• RECORDS FOR THE EXERCISE

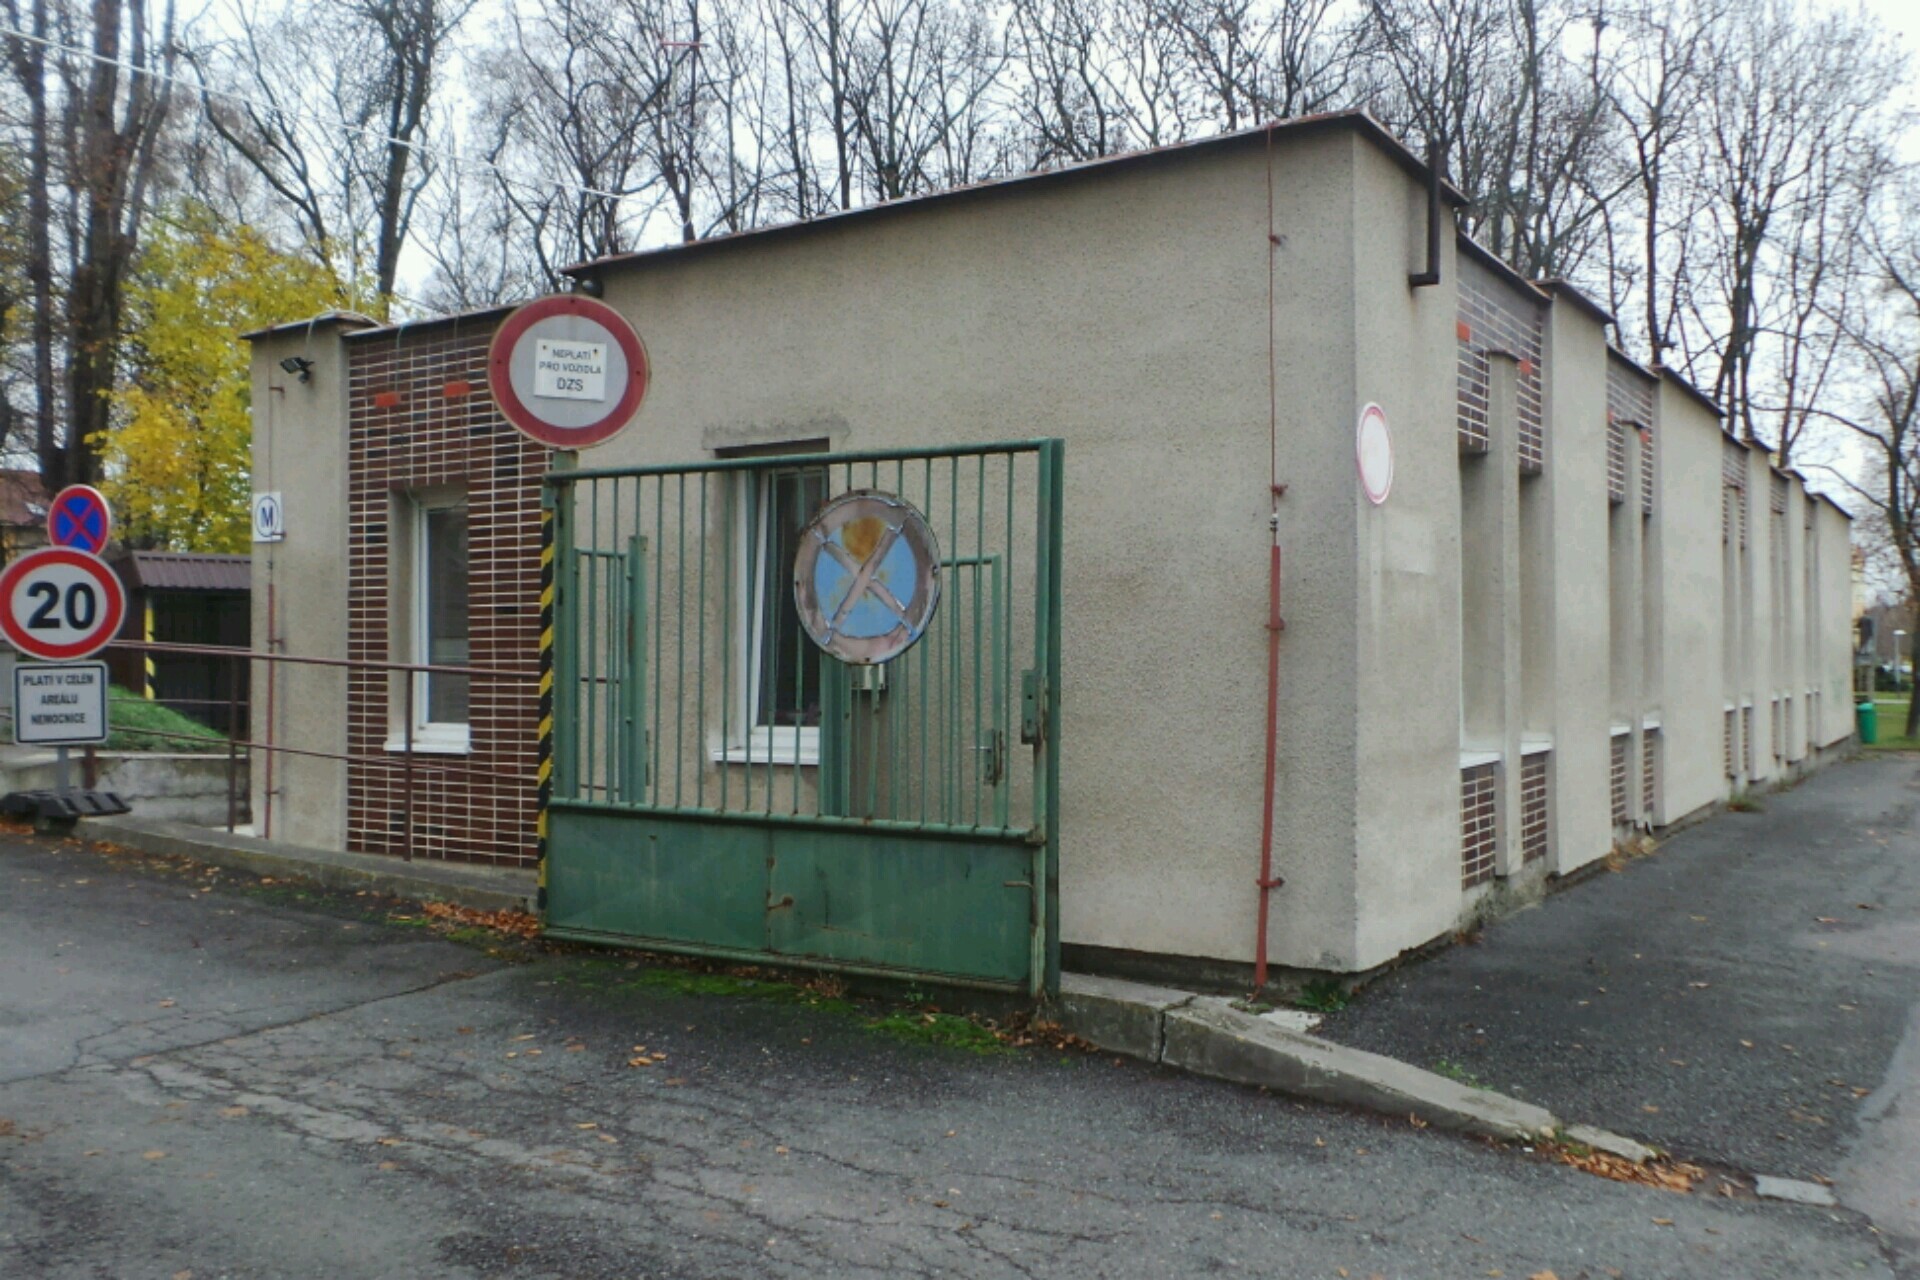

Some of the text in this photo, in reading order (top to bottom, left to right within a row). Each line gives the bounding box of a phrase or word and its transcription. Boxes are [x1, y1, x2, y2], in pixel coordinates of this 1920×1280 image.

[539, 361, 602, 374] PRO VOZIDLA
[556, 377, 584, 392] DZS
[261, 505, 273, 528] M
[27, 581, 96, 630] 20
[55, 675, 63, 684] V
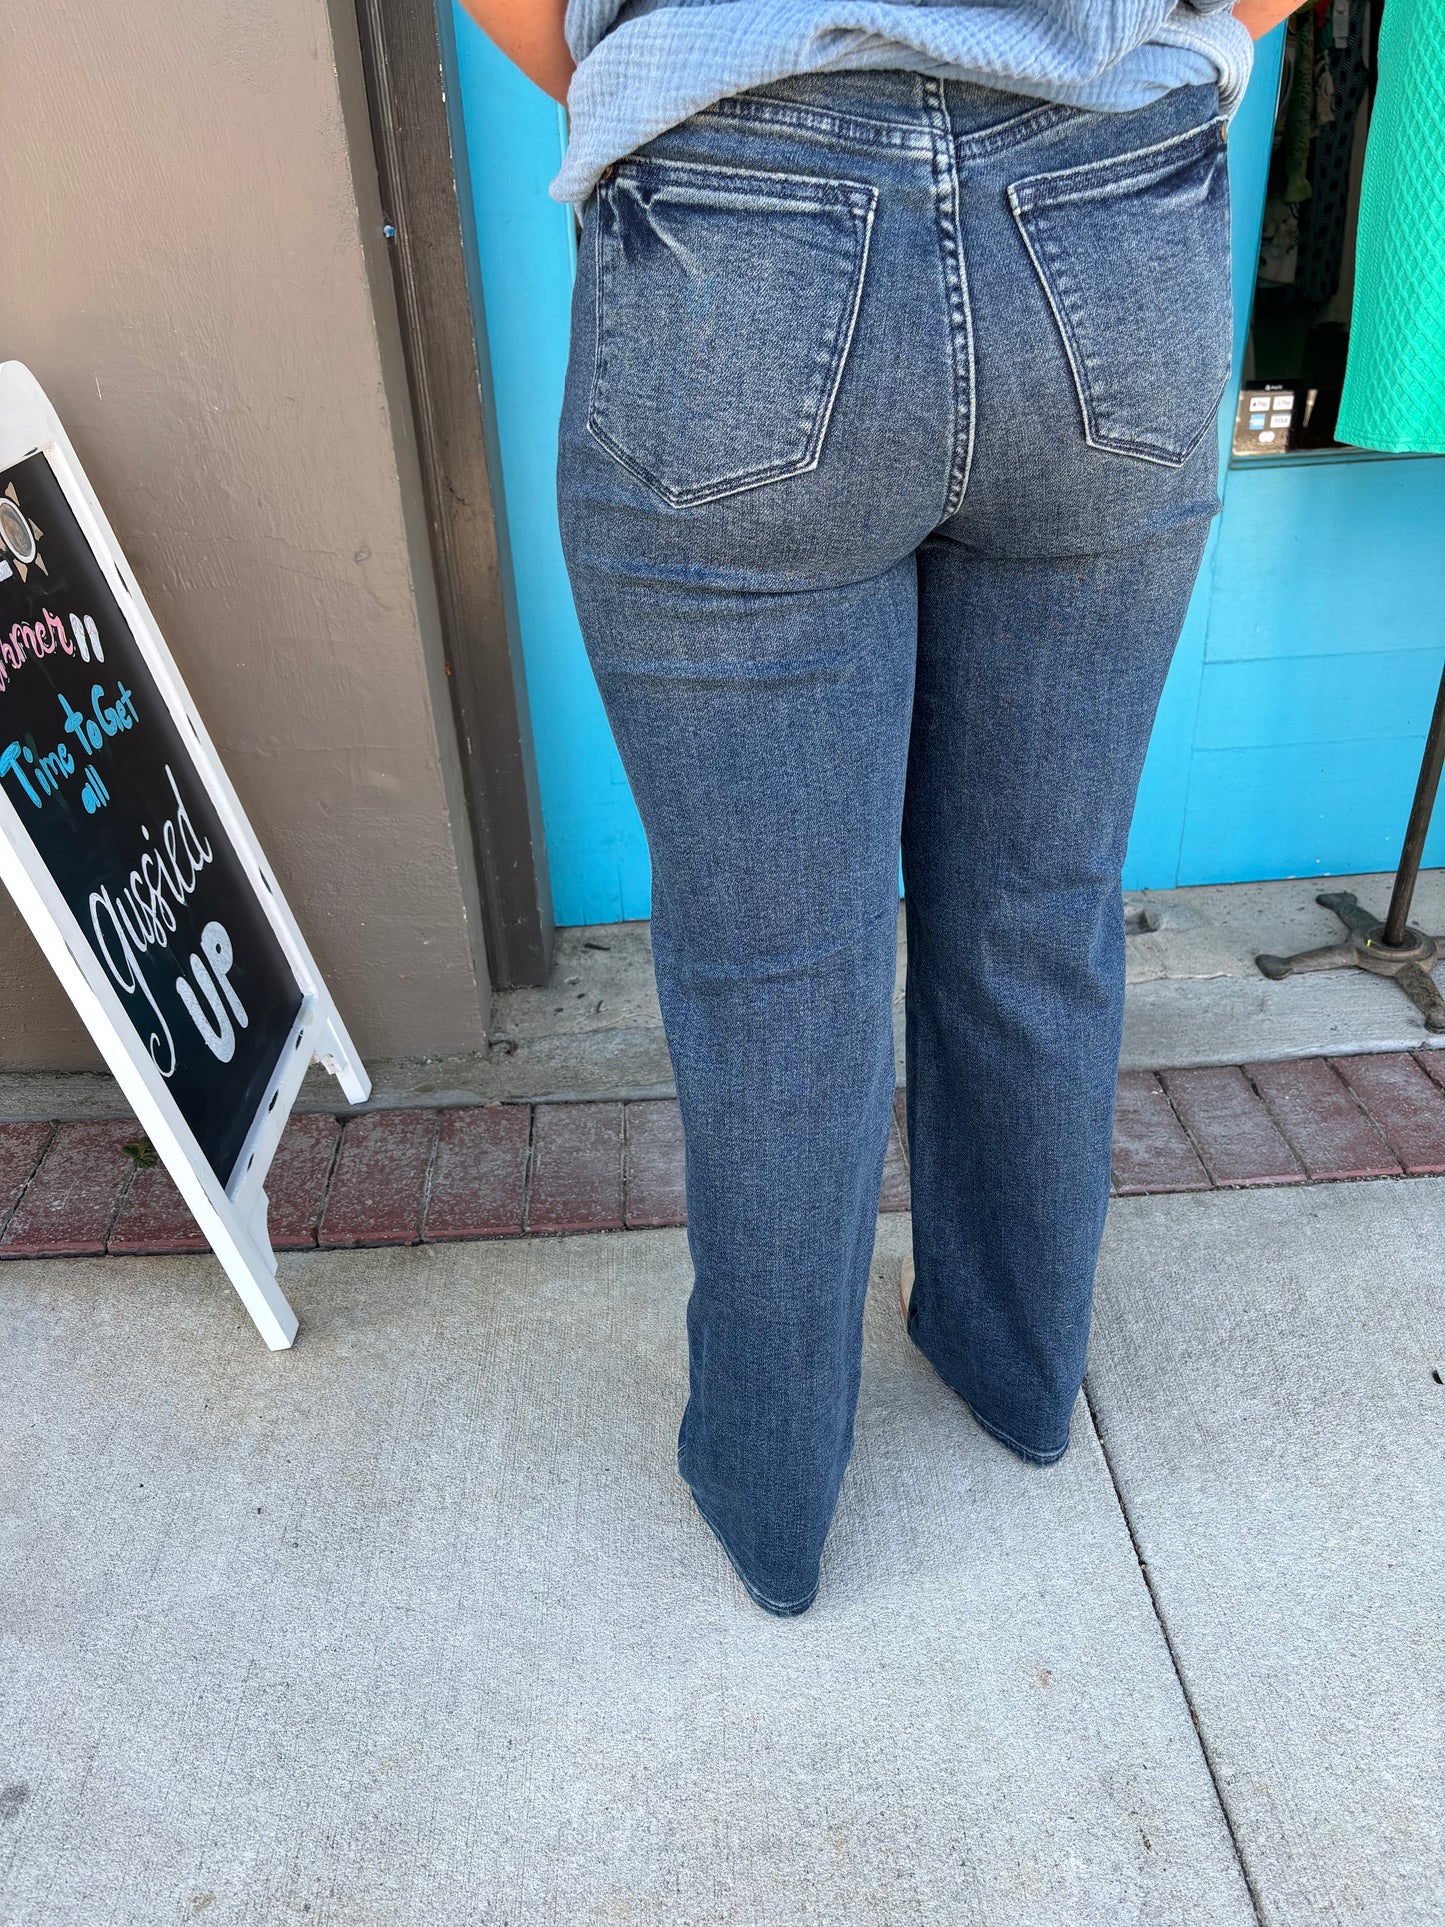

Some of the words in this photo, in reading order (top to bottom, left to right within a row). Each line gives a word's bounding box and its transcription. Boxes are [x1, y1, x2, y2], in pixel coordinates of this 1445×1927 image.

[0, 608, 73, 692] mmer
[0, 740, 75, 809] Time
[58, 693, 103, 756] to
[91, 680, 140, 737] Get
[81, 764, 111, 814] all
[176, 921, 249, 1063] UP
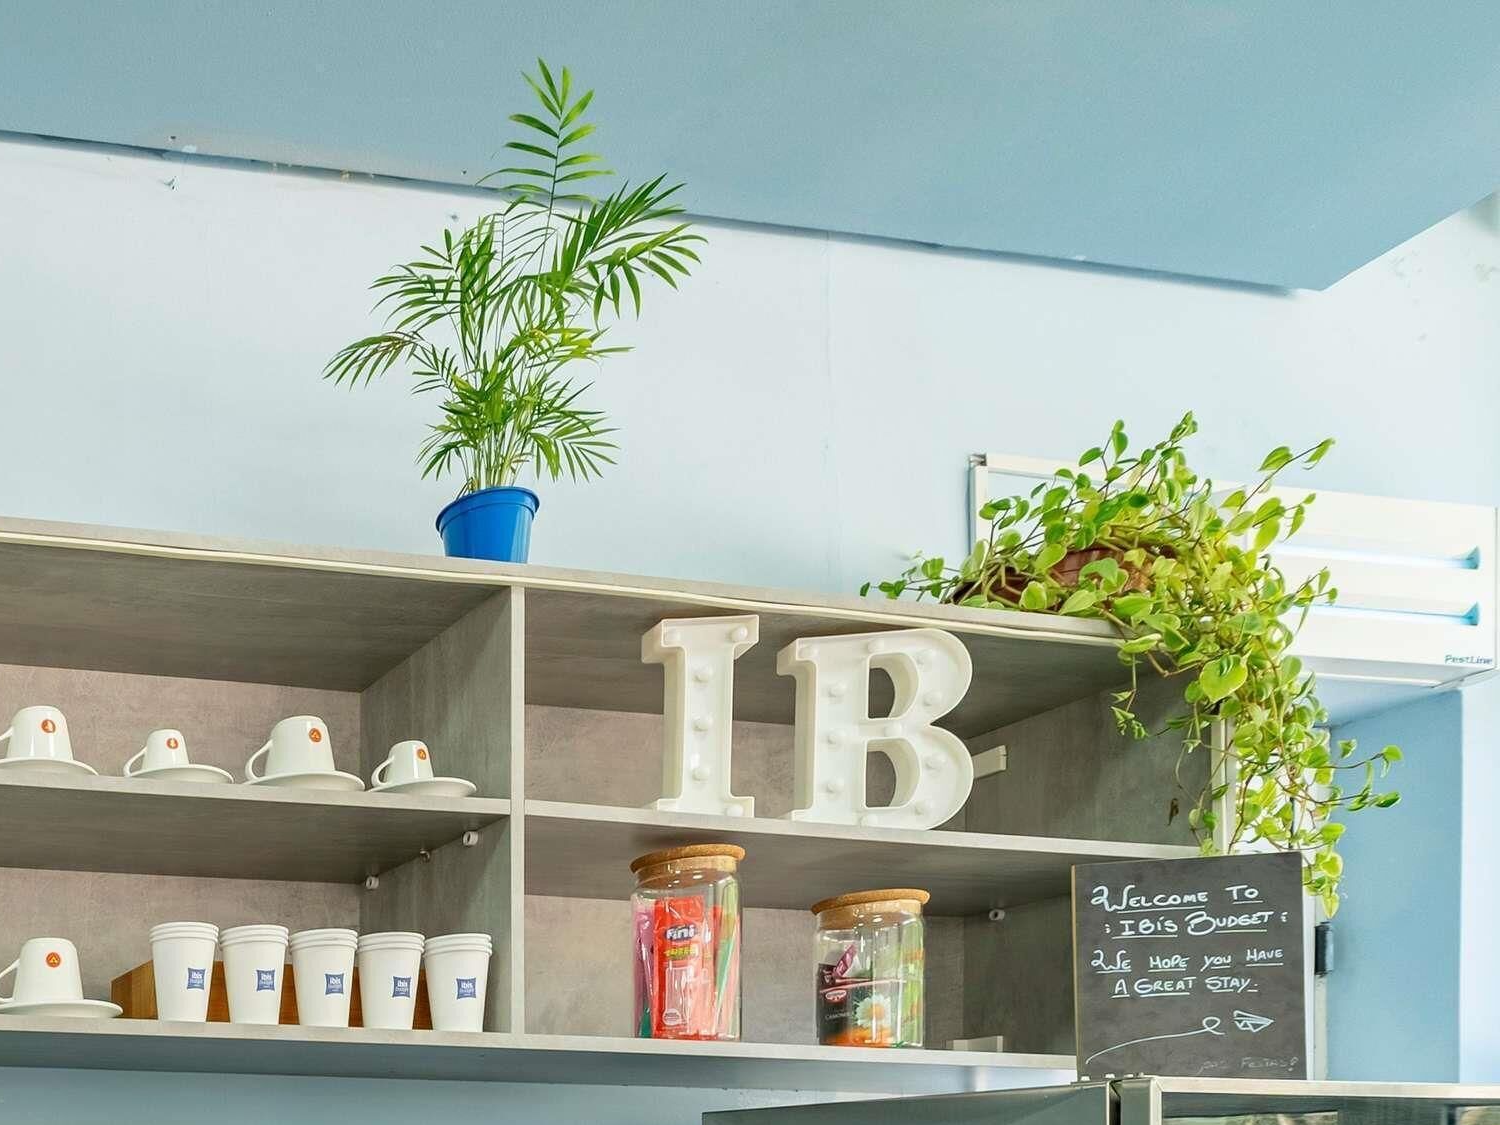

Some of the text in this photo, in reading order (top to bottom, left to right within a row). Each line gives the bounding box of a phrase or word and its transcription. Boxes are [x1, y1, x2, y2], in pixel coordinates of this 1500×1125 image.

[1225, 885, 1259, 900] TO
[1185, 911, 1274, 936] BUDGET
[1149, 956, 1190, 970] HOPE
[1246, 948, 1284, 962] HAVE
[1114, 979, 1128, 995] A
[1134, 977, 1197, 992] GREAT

• WHAT IS BEING ASKED
Skip the pictures and print each record exactly as it stands.

• REPLY
Some of the text in this photo, in reading order (top to bottom, left to right within a row). Each line gives the bounding box of a phrase or word and its transcription. Boxes are [x1, y1, x2, y2], in pixel coordinates of this 1920×1280 image.

[539, 361, 602, 374] PRO VOZIDLA
[556, 377, 584, 392] DZS
[261, 505, 273, 528] M
[27, 581, 96, 630] 20
[55, 675, 63, 684] V

Some of the words in this photo, in reading order (top to bottom, left to right within a row). Each line gives a word's bounding box and its transcription. Boxes are [x1, y1, x2, y2], in pixel coordinates of this 1445×1927 image.

[0, 608, 73, 692] mmer
[0, 740, 75, 809] Time
[58, 693, 103, 756] to
[91, 680, 140, 737] Get
[81, 764, 111, 814] all
[176, 921, 249, 1063] UP

Some of the text in this photo, in reading order (top to bottom, left to right within a row). Each line gives the bounding box of a phrase or word and its transcription. Boxes are [x1, y1, x2, y2], in pixel coordinates of this 1500×1125 image.

[1225, 885, 1259, 900] TO
[1185, 911, 1274, 936] BUDGET
[1149, 956, 1190, 970] HOPE
[1246, 948, 1284, 962] HAVE
[1114, 979, 1128, 995] A
[1134, 977, 1197, 992] GREAT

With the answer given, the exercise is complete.